▶ [Task description]: Write out all of the records exactly once more and skip the images.

Annotated photo localization data:
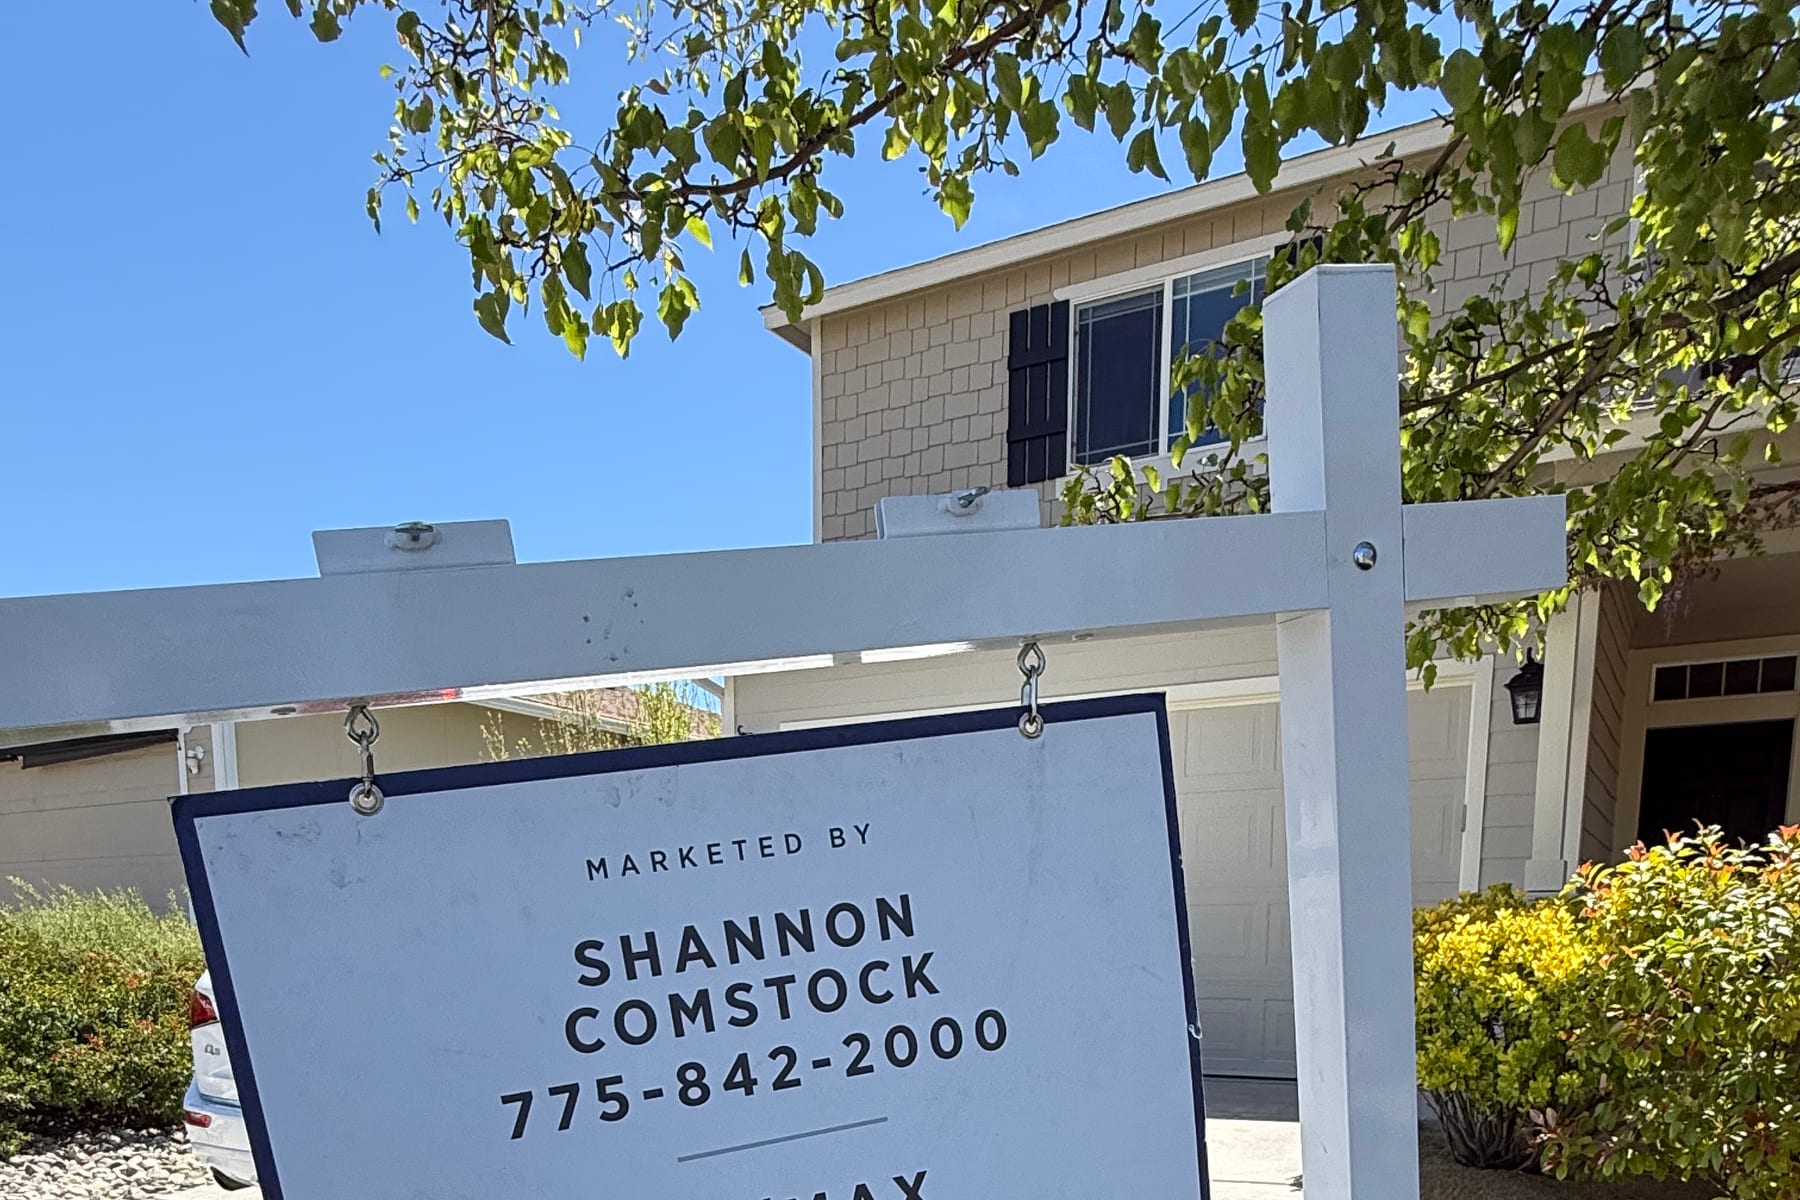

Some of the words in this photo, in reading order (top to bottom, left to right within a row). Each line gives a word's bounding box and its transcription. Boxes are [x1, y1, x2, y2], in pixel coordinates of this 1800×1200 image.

[586, 831, 803, 881] MARKETED
[829, 823, 873, 849] BY
[573, 893, 916, 987] SHANNON
[565, 951, 940, 1054] COMSTOCK
[501, 1009, 1007, 1140] 775-842-2000

▶ [Solution for this problem]:
Some of the words in this photo, in reading order (top to bottom, left to right within a row). Each line gives a word's bounding box and its transcription. Boxes are [x1, y1, x2, y2], in pixel coordinates of this 1800×1200 image.

[586, 831, 803, 881] MARKETED
[829, 823, 873, 849] BY
[573, 893, 916, 987] SHANNON
[565, 951, 940, 1054] COMSTOCK
[501, 1009, 1007, 1140] 775-842-2000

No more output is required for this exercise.